# I would like to know what I am diong right please!



## Kaygee (Jun 3, 2012)

If there are any Tang Soo Do masters out there, I would like to ask a question.

During my test for 2nd gup, the head master called me out after we were all done performing our basic kicks. He said to me, "show me a front snap kick and hold it". I thought to myself, oh man, I must have messed up pretty bad if he is calling me out because compliments from this man are not a common occurrence. So I did it. He asked me to do it again, so I did. He then said to me, "I want you to get that knee a bit higher before you release your kick, but that kick is going to look beautiful when you're a black belt and you are performing Jin-do."

Not knowing Jin-Do as of yet, I am not sure what the master was referring to. I would like to continue to do whatever it is that I did right. So my question is, does anyone know what he was looking at when he asked me to do the front kick and hold it and then made his comment?

Thanks!


----------



## Tames D (Jun 3, 2012)

I'm not a TSD guy and I don't know your head master, but it comes off as an ego trip to me. I might be wrong.


----------



## Kaygee (Jun 4, 2012)

An ego trip as far as whom?


----------



## Tez3 (Jun 4, 2012)

From this and the other thread you posted it sounds as if you have landed in a place where the senior instructors and/or the 'headmaster' are on a massive ego trip. The point of a kick, any kick, is to be effective against an attacker not to look pretty doing patterns.

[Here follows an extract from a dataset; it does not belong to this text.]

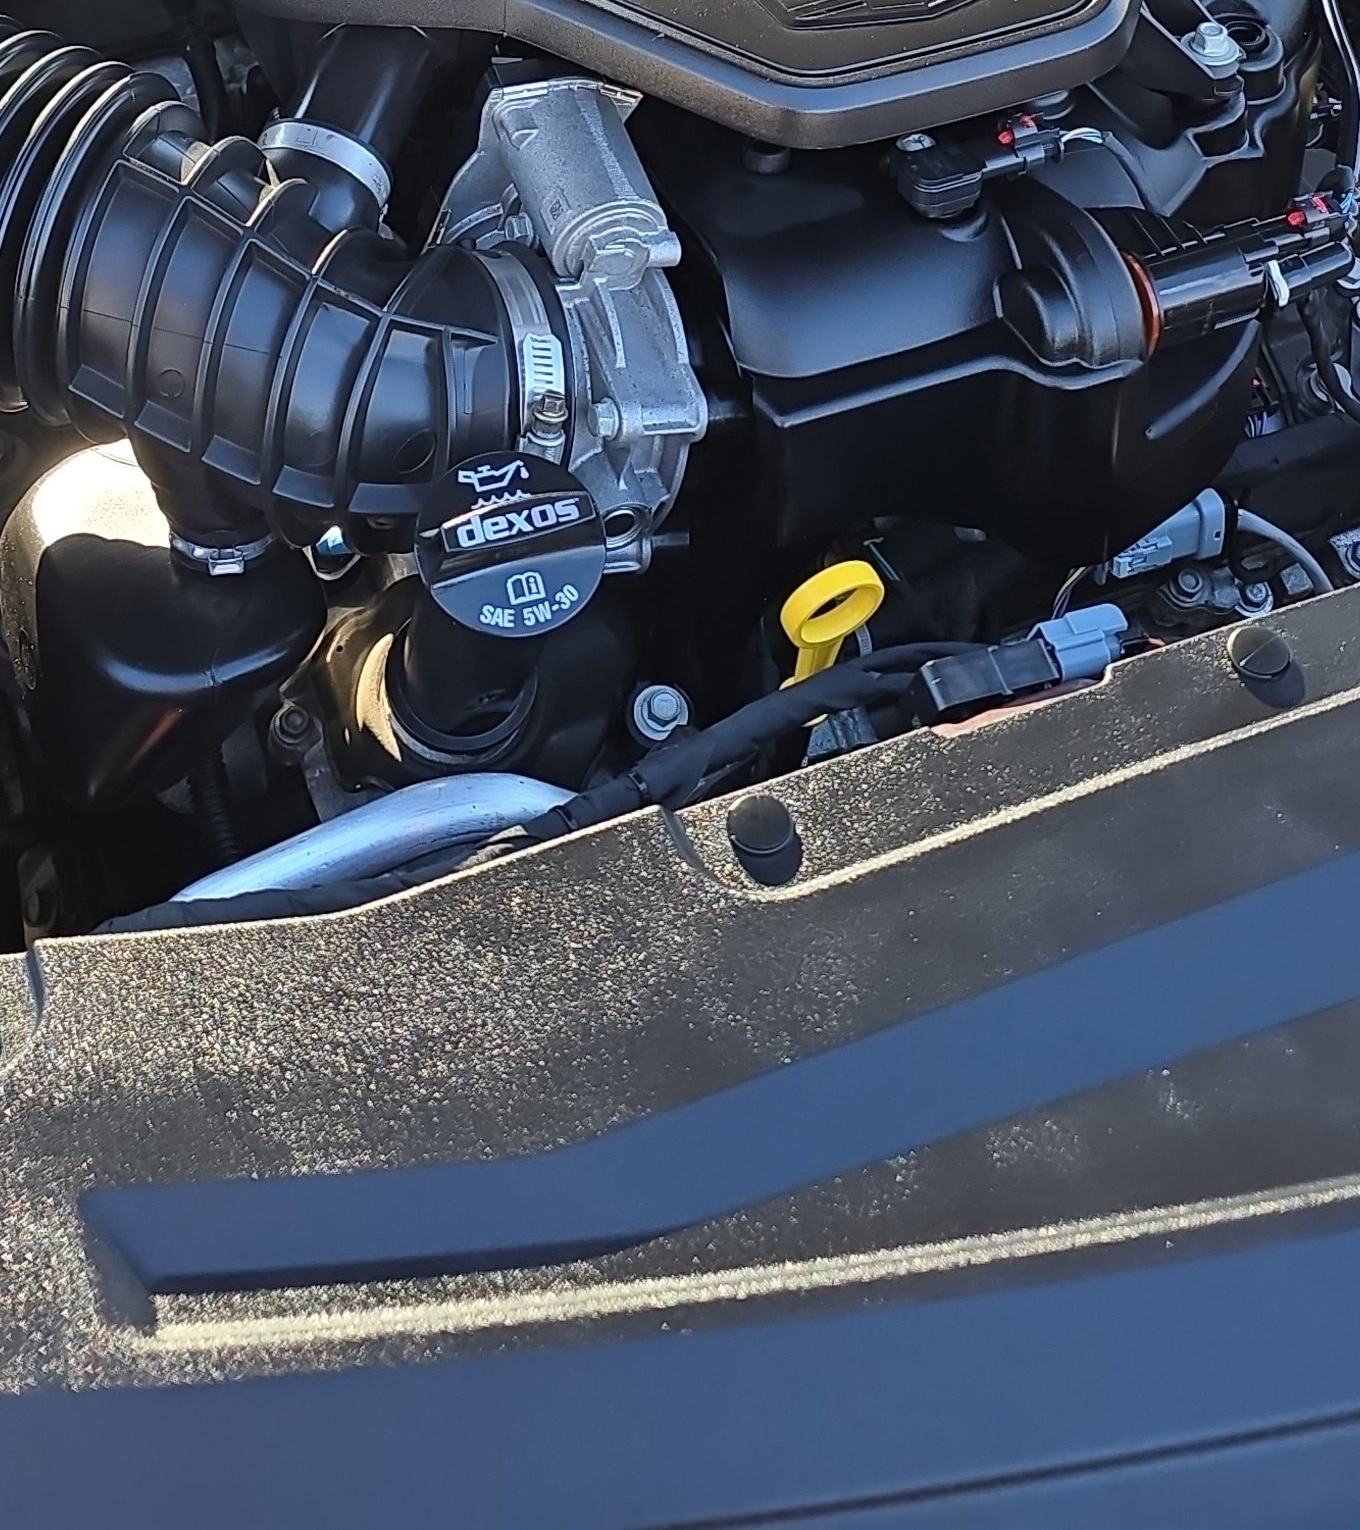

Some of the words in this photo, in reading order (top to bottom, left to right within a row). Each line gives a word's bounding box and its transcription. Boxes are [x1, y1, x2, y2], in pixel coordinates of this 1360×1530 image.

[456, 498, 579, 549] dexos
[479, 605, 515, 628] SAE
[523, 584, 579, 627] 5W-30

The point of learning patterns is to become effective at defending yourself, again not to look pretty.

By dangling the thought of your black belt in front of young he's telling you to keep paying him.


----------



## dancingalone (Jun 5, 2012)

I'm not a TSD master, but I don't see anything sinister about the request or the comment made by the instructor.  He might simply be looking at the angle of your foot or checking your ability to extend/lock out the kick.  In Jindo/Chinto there is a jumping front kick (in TSD terminology, ee dan ap chagi?) in the opening portion and if you don't have good extension and technique, it will be very, very evident when running this form.

Honestly, to me it sounded like he was paying you a small compliment while also giving you something to work on.


----------